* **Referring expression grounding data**
========
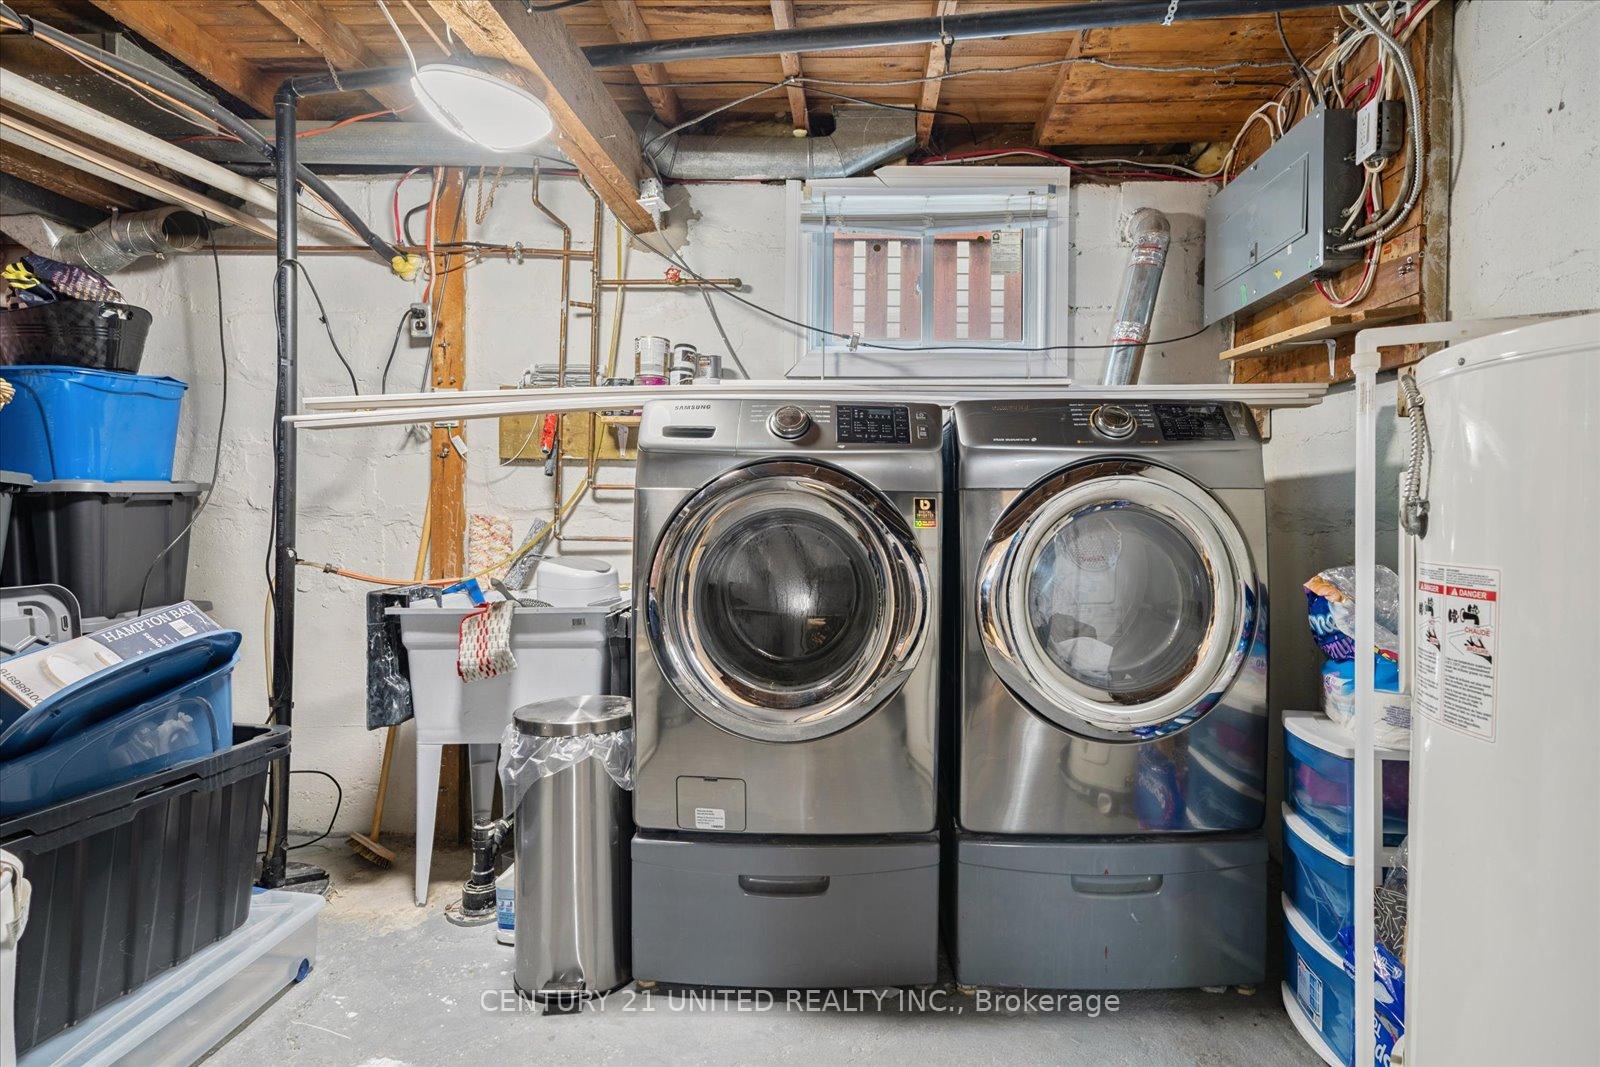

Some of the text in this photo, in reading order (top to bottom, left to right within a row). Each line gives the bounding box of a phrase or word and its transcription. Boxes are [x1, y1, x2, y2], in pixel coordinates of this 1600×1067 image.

[1459, 588, 1488, 600] DANGER
[101, 613, 172, 643] HAMPTON
[169, 604, 196, 619] BAY
[1464, 626, 1491, 638] CHAUDE
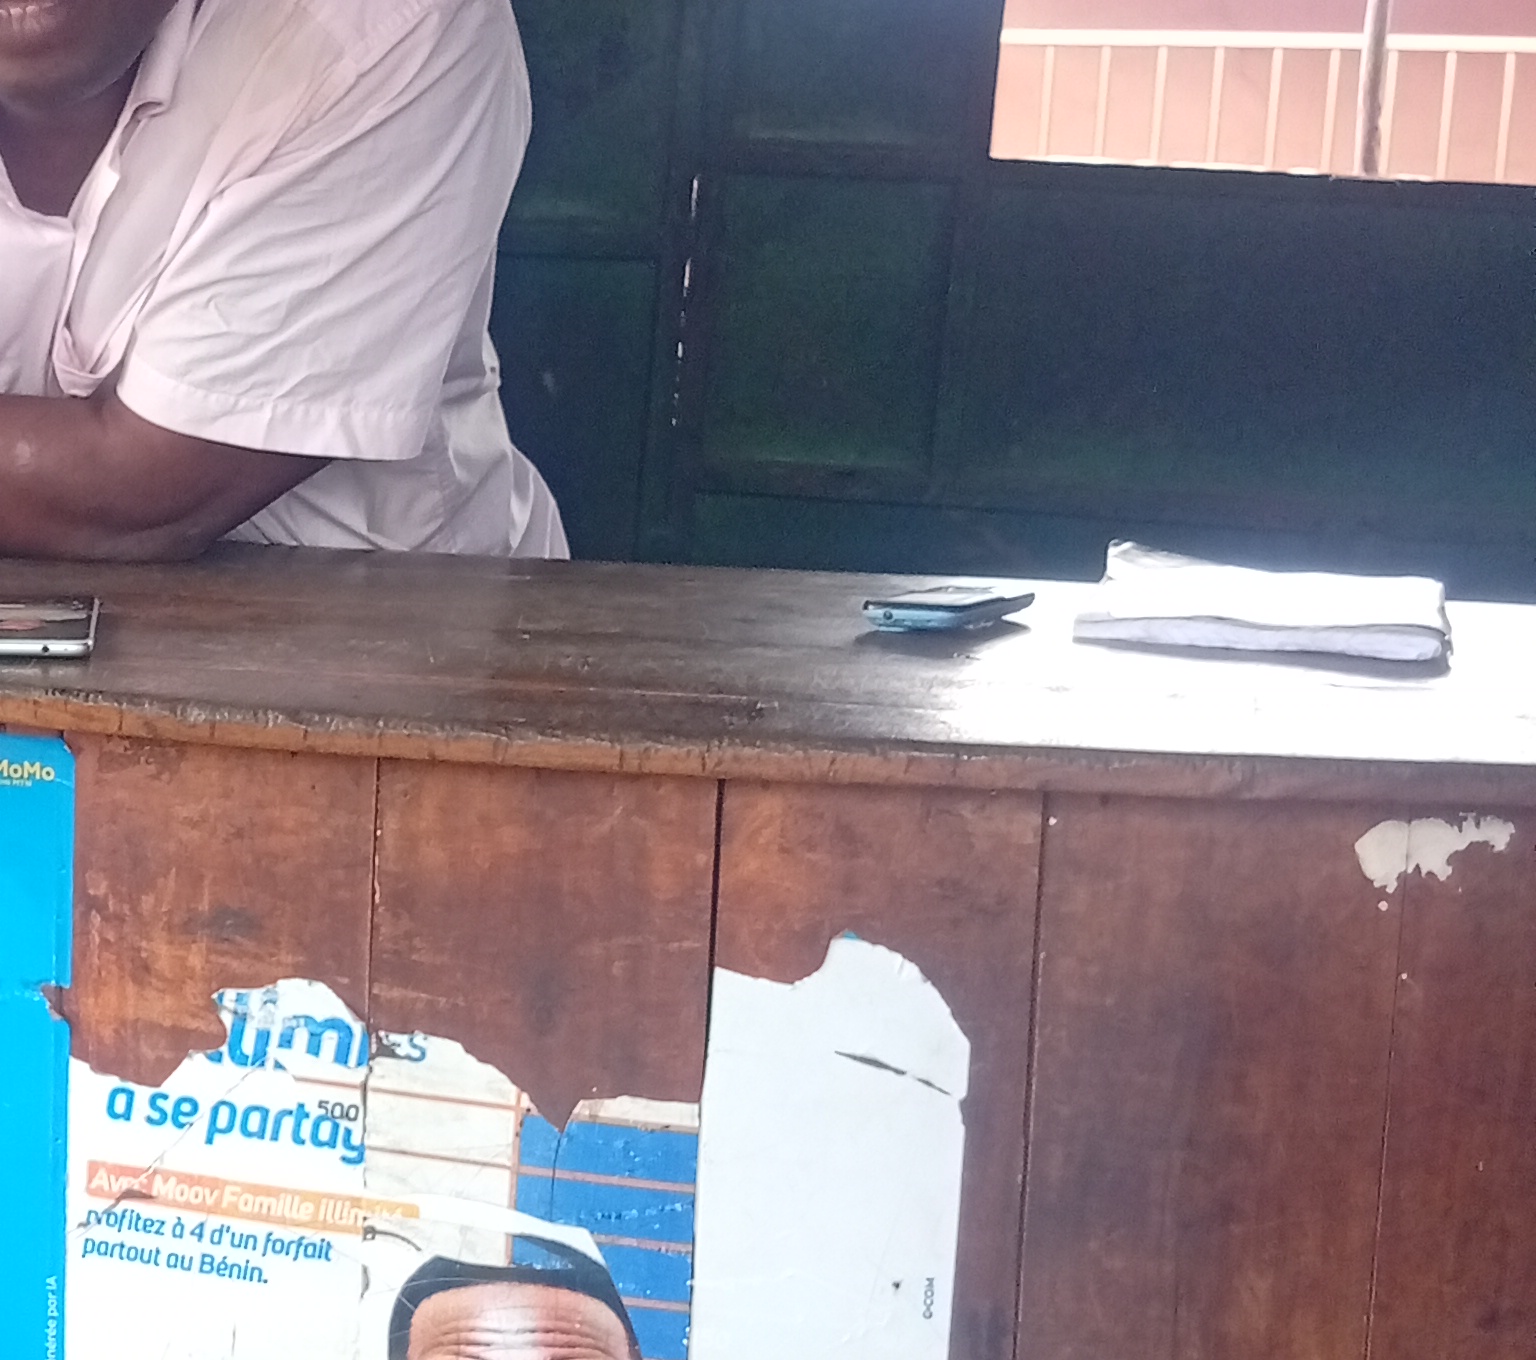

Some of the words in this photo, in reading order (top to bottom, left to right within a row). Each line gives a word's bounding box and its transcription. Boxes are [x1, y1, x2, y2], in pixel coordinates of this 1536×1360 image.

[145, 1091, 199, 1129] se
[316, 1100, 360, 1122] 500
[152, 1174, 220, 1207] Moov
[221, 1186, 315, 1221] Famille
[171, 1217, 184, 1240] à
[190, 1223, 205, 1243] 4
[211, 1225, 258, 1252] d'un
[262, 1232, 333, 1263] forfait
[82, 1237, 162, 1268] partout
[166, 1252, 193, 1272] au
[199, 1253, 270, 1285] Bénin.
[45, 1275, 58, 1290] IA
[47, 1292, 59, 1317] par
========
* **Requirement**
Each entry needs to be returned verbatim, with its pictures left out.

* **Task output**
Some of the text in this photo, in reading order (top to bottom, left to right within a row). Each line gives the bounding box of a phrase or word and its transcription. Boxes are [x1, y1, x2, y2], in pixel coordinates of this 1600×1067 image.

[1459, 588, 1488, 600] DANGER
[101, 613, 172, 643] HAMPTON
[169, 604, 196, 619] BAY
[1464, 626, 1491, 638] CHAUDE

Some of the words in this photo, in reading order (top to bottom, left to right within a row). Each line gives a word's bounding box and its transcription. Boxes are [x1, y1, x2, y2], in pixel coordinates of this 1536×1360 image.

[145, 1091, 199, 1129] se
[316, 1100, 360, 1122] 500
[152, 1174, 220, 1207] Moov
[221, 1186, 315, 1221] Famille
[171, 1217, 184, 1240] à
[190, 1223, 205, 1243] 4
[211, 1225, 258, 1252] d'un
[262, 1232, 333, 1263] forfait
[82, 1237, 162, 1268] partout
[166, 1252, 193, 1272] au
[199, 1253, 270, 1285] Bénin.
[45, 1275, 58, 1290] IA
[47, 1292, 59, 1317] par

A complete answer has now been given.